Они стукнули по рукам.

Парвус быстро прикинул в уме, кому и сколько он должен отдать, сколько останется. И на душе у него воцарился праздник.

Вечером, дома он еще раз проверил свои расчеты. Сухие, нейтральные цифры подтвердили его прикидки. И тут у него возникла еще одна приятная мысль.

В его голове зазвучала музыка. Похожий на пингвина дирижер размахивал палочками, и струнные, духовые и смычковые инструменты прилежно следовали за ним.

У Парвуса сладко сжалось сердце. Он исполнил несколько корявых танцевальных движений и хриплым посаженым голосом пропел:

— Ах, майн либер Августин, Августин, Августин…

Экономка закрыла в гостиной форточку.

— Совсем волки обнаглели. Прямо у дома воют.

 

Деньги

На очередную встречу Парвус явился уже не с пустыми руками. Он нес, крепко прижимая к телу, пузатый саквояж. Вид у него был по-прежнему понурый и похоронный.

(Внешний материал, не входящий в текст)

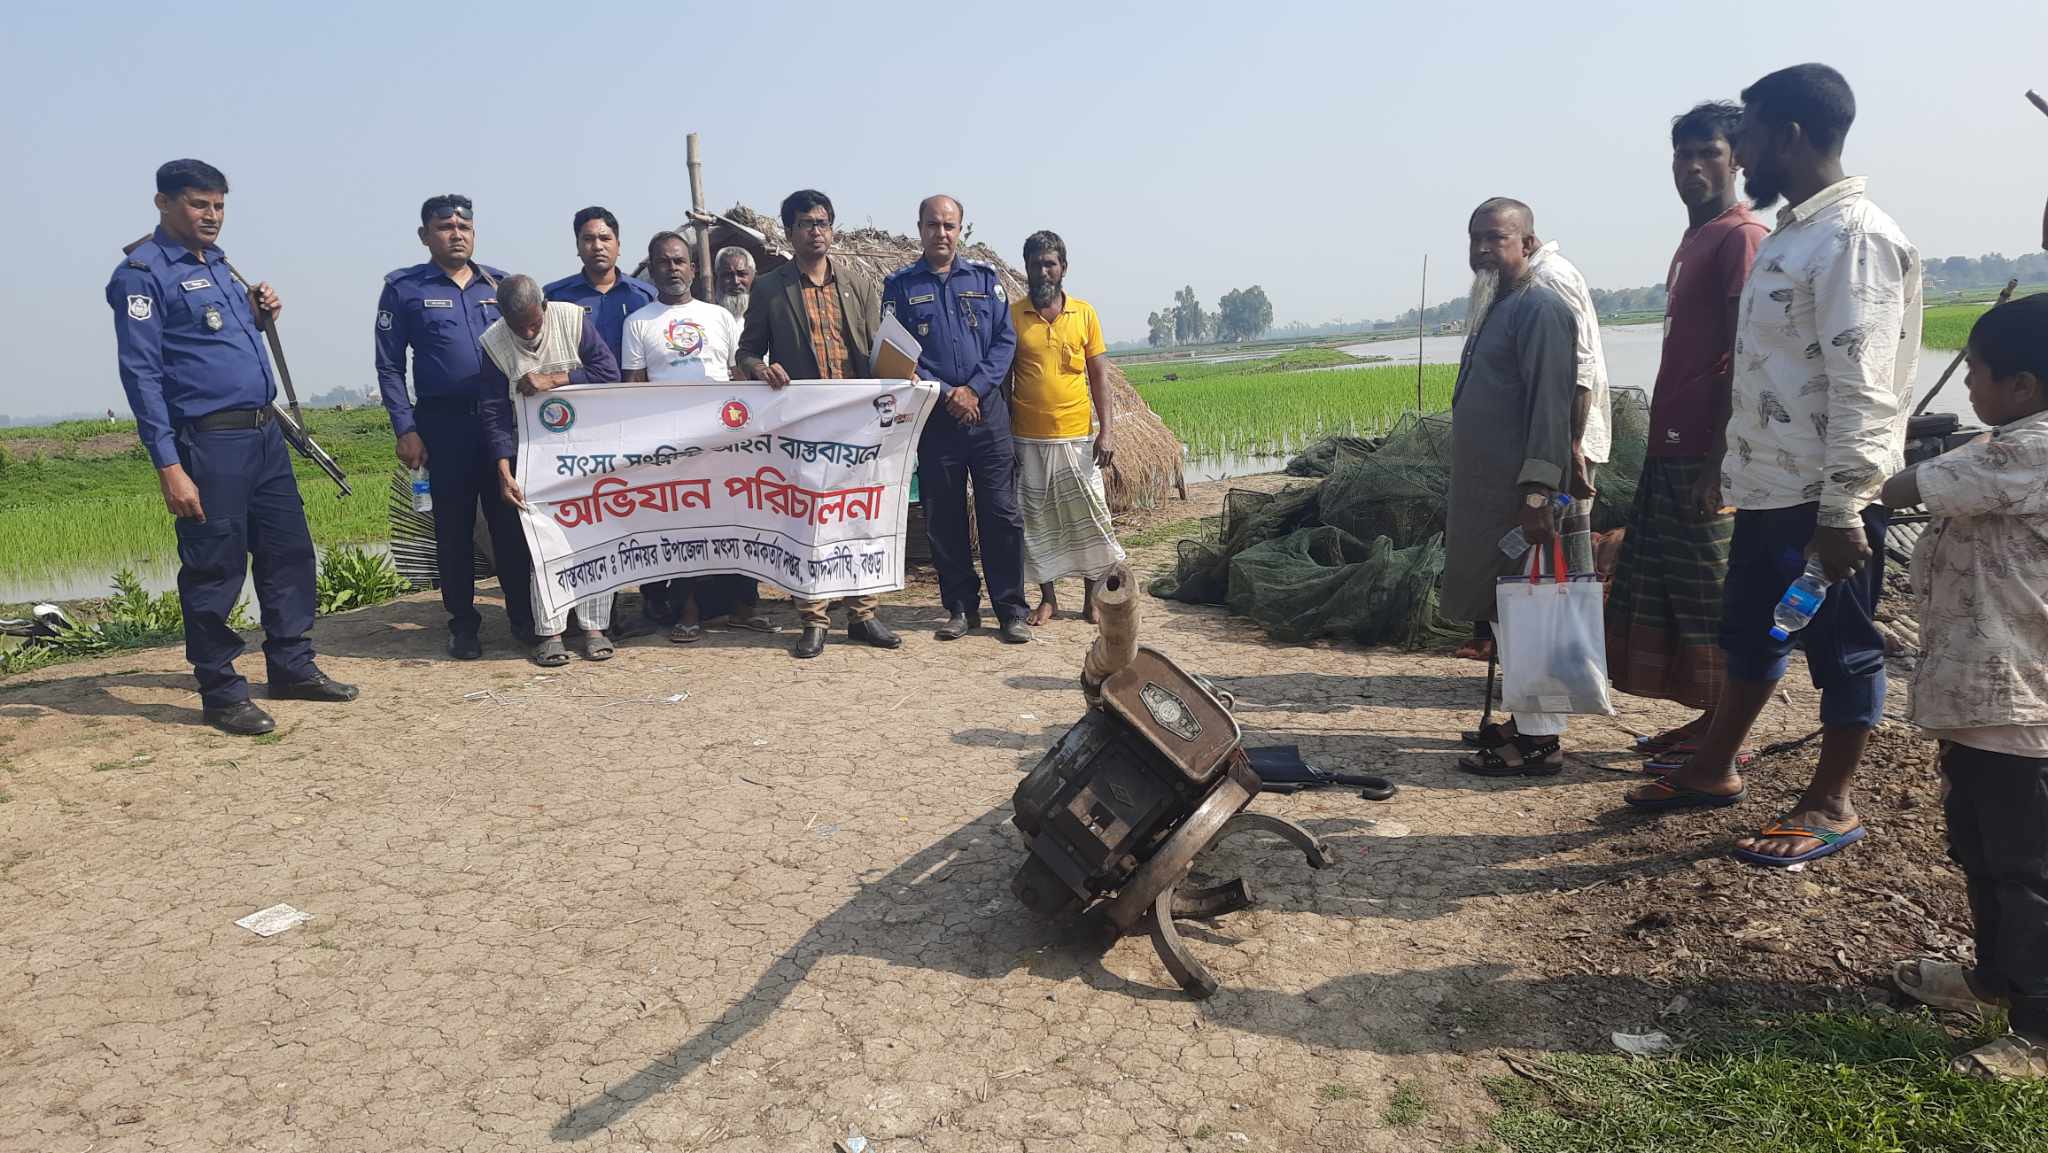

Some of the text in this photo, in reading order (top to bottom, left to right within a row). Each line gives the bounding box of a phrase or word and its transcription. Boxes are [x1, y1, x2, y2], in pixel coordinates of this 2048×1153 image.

— Деньги принесли? — сухо осведомился глава обиженных.

— Вот! — Парвус поставил на стол саквояж. — Последние сбережения! — скорбно сообщил он.

— Зато, батенька, родину спасаете, — утешил его повеселевший Владимир Ильич. — Ну-с, пересчитаем!

Он принялся раскладывать по столу запечатанные в пачках деньги. Парвус как бы невзначай спросил:

— Скажите, а правда, что вы собираетесь разрушить старый мир?

— До основания! — подтвердил Владимир Ильич.

— А затем?

— Мы наш, новый мир построим.

— Мудро! Я мог бы вам в этом помочь.

— Чем?

— Подогнать транспорт и вывезти старую, ненужную рухлядь: мебель, посуду, другое барахло.

— Куда?

— На свалку. На свалку истории.

— Нет, батенька, будем уничтожать. Пусть пролетарии отведут свою, измученную гнетом царского самодержавия, душу.

— Взамен я мог бы предложить изделия из глины и стекла. И бьется легче и звона больше.

— Хорошо. Мы подумаем, — обнадежил капиталиста Владимир Ильич.

Он и в самом деле в этот момент действительно думал. Но о другом.

Вот оно — свершилось! Деньги были в руках, в нужной валюте и в достаточном количестве. С ними можно было ехать в страну Америку и начать новую жизнь. Мечты о спокойной, обеспеченной старости обретали реальность.

А вот с революцией в России была полная неясность. Дома он не был почти двадцать лет. Что там сейчас? Пойдут ли за ним люди?

Америка выглядела предпочтительнее. Но как воспримут подобный шаг соратники? А Парвус? Америка далеко, но пароходы туда ходят регулярно. Окажется ли жизнь там спокойной?

С другой стороны, если сразу оставить заначку, то почему бы не попробовать? Не рискнуть? А вдруг получится?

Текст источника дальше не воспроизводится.